If you have a little patience it’s a sensible idea to purchase a smaller, younger plant for a fraction of the cost. In short time, that whip of a sapling will be the size of the tempting five-gallon container of greenery you wisely passed over. And it will probably be healthier. Seasoned gardeners know that the joy of tending a garden is in nurturing, observing and in watching life grow. No instant garden is needed.

Native plants for sale with identification tags.
There are lots of choices for the habitat gardener.


Common garden shops, besides shrinking your wallet, offer very few native species.  When they do have them in stock, these natives aren’t necessarily found naturally growing where you garden — they’ve evolved in other regions of the country. They could also be cultivars.

 The USDA Plant Hardiness Zone Map is no longer a sound tool to measure what to plant. It’s simple: we just plant local-ecotypes — and as many as we possibly can. We know that planting natives local to an area, in the conditions they evolved in, lowers water and chemical inputs and makes for strong, thriving plants. California is the perfect example. Many homeowners are replacing non-local landscaping and lawn with plants that originated there to offset the current multi-year drought’s effects.

People shopping at the Earth Sangha native plant sale.
Shoppers arrive early at one of Earth Sangha’s Spring Open Houses.


I sometimes point and ask an employee at my nearby garden center, “Do you know where this plant came from?” The answer is usually something along the lines of “not from around here.” Their plants could be propagated and trucked in from any number of nurseries, from many miles away (sometimes as far away as Oregon — and I live in Virginia). Another downfall is they’ve been previously doused in pesticides so they can legally cross state lines. With today’s grim environmental outlook, these are good reasons to buy local, don’t you think?

So, where are the best places to shop for well-priced, locally grown native species you ask? I recommend checking with your state’s native plant society, your nearby nature center or even your county. These organizations sponsor native plant sales at varying times of the year — and their prices are wonderfully low. The plants may be small but as we know from experience, size does matter.


Here in Northern Virginia we are particularly fortunate to have a grower of locally sourced and affordable native plants: Earth Sangha. Their Wild Plant Nursery is my very favorite place to volunteer my time and of course, to shop. More than 250 local-ecotype species are available to the public  and many are considered by Lisa Bright, the energetic co-founder of Earth Sangha, as underused in garden settings. She is more than happy to recommend specific species for your growing conditions.

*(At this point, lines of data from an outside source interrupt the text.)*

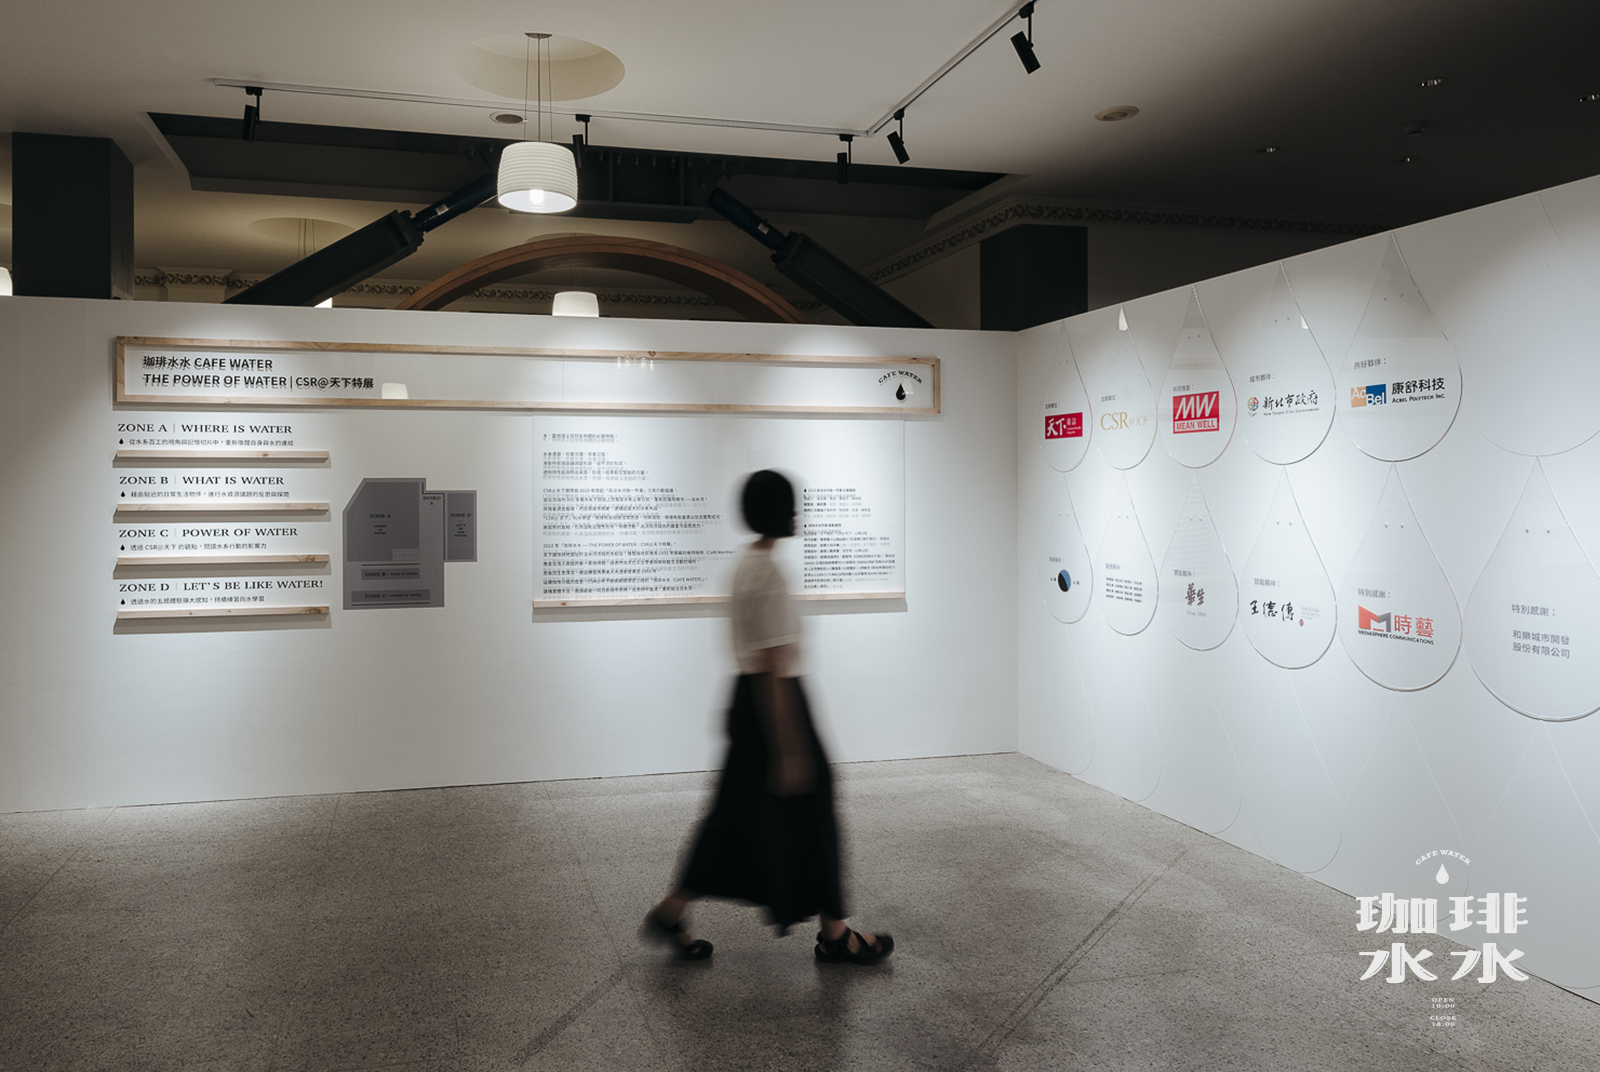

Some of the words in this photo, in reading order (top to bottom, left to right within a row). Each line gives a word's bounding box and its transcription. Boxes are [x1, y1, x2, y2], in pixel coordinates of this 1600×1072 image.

[142, 355, 191, 368] 珈琲水水
[194, 357, 226, 368] CAFE
[229, 358, 273, 369] WATER
[143, 374, 170, 384] THE
[173, 374, 220, 385] POWER
[223, 375, 241, 386] OF
[243, 376, 287, 387] WATER
[878, 371, 897, 383] CAFE
[898, 370, 923, 384] WATER
[1391, 377, 1446, 395] 康舒科技
[1174, 393, 1217, 420] MW
[1262, 389, 1319, 411] 新北市政府
[117, 423, 155, 433] ZONE
[158, 424, 168, 433] A
[181, 424, 229, 433] WHERE
[233, 425, 245, 433] IS
[249, 425, 292, 434] WATER
[1176, 422, 1195, 431] MEAN
[1197, 419, 1215, 429] WELL
[119, 476, 157, 485] ZONE
[160, 476, 169, 485] B
[182, 476, 221, 485] WHAT
[225, 476, 237, 485] IS
[240, 476, 285, 485] WATER
[118, 529, 156, 538] ZONE
[160, 529, 169, 538] C
[182, 528, 230, 537] POWER
[233, 528, 251, 537] OF
[255, 528, 298, 537] WATER
[119, 583, 157, 592] ZONE
[160, 583, 170, 592] D
[224, 581, 241, 590] BE
[244, 581, 273, 590] LIKE
[277, 580, 324, 589] WATER!
[1250, 600, 1295, 622] 王德傳
[1394, 614, 1434, 639] 時藝
[1388, 634, 1435, 645] COMMUNICATIONS
[1512, 629, 1570, 646] 和樂城市開發
[1512, 642, 1570, 659] 股份有限公司
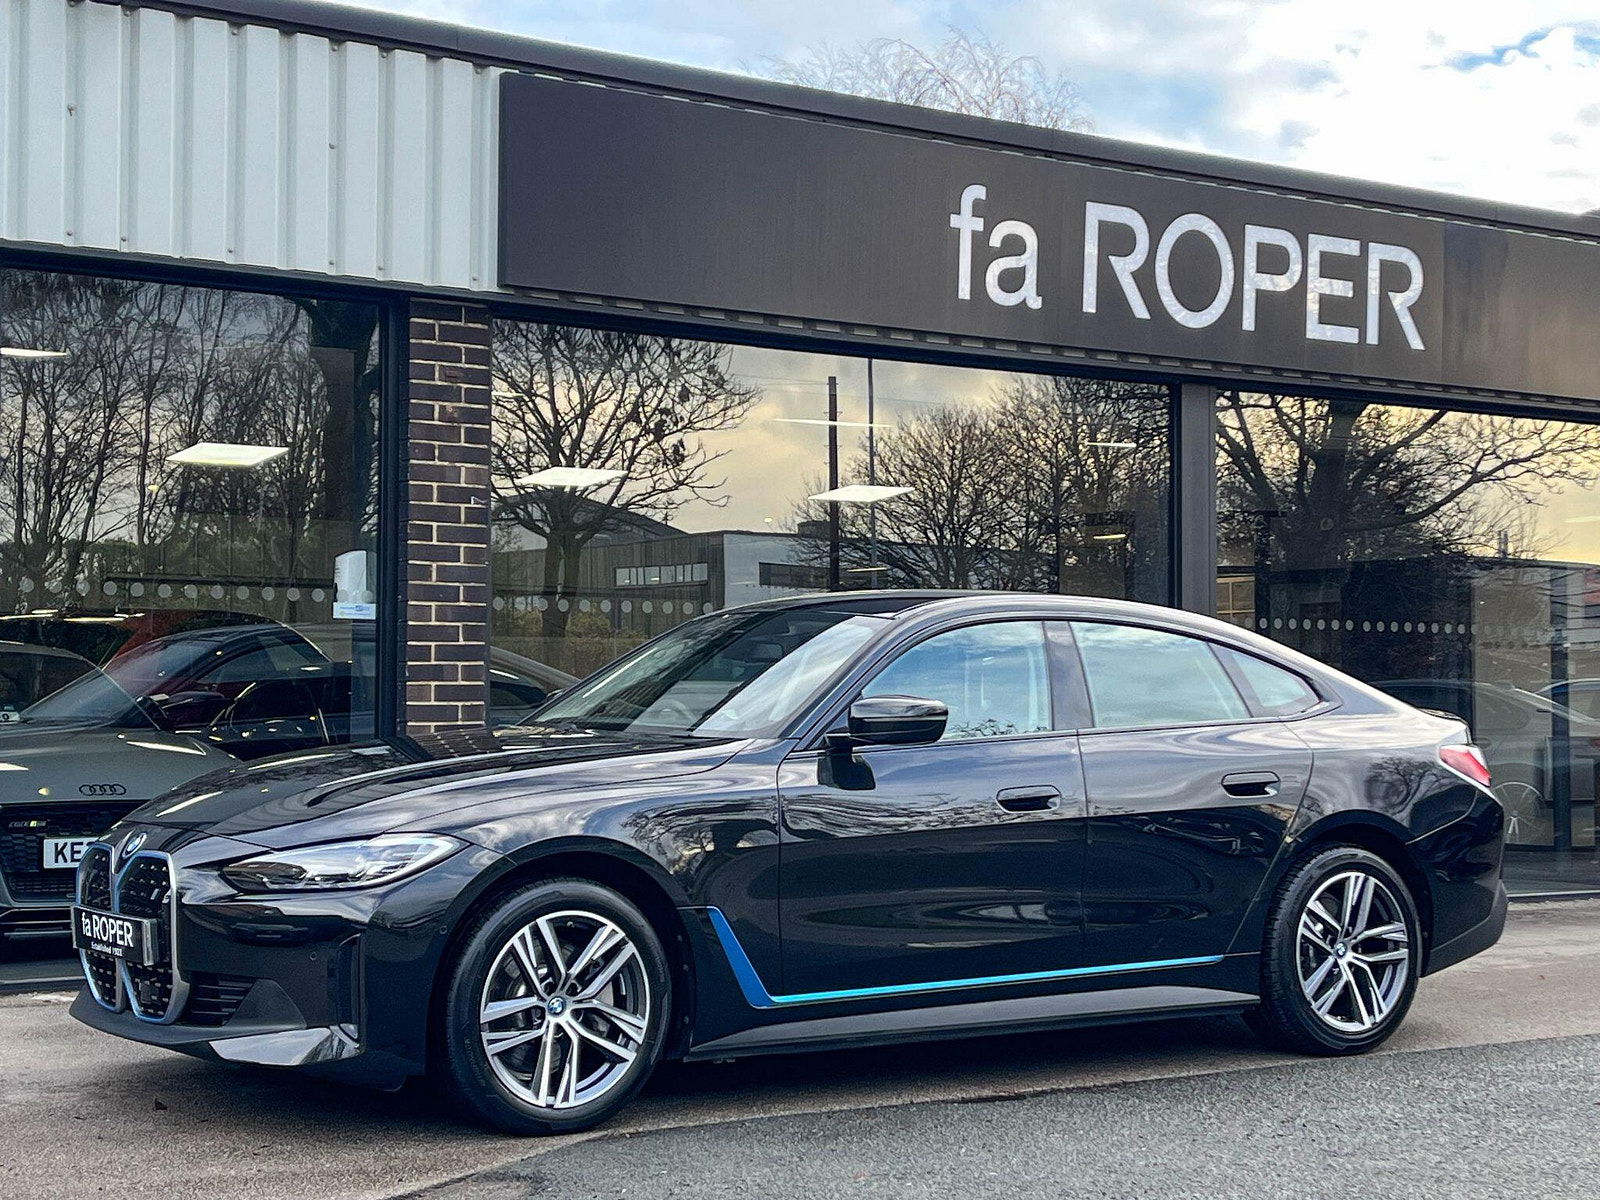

Lisa and her Earth Sangha family are the driving force behind this progressive non-profit. By permission, they collect seeds from natural areas around the metro DC area and lovingly raise them for natural land restoration and for the gardener. It’s the perfect operation. 

I know when I purchase a plant from Earth Sangha, and I site it correctly, it will do well. Extremely well. I know it didn’t travel clear across the country and that it wasn’t indignantly dug from the wild. I know it’s not a manufactured cultivar that could cause problems for natural areas in the future. I further know it wasn’t drenched in harmful pesticides that could last for years in the potting soil and in the plant itself. It’s a no brainer  a win-win situation for all  me, my pocketbook and our Mother Earth.

Pretty women shop at the Earth Sangha native plant sale.
Shoppers arrive early at one of Earth Sangha’s Spring Open Houses.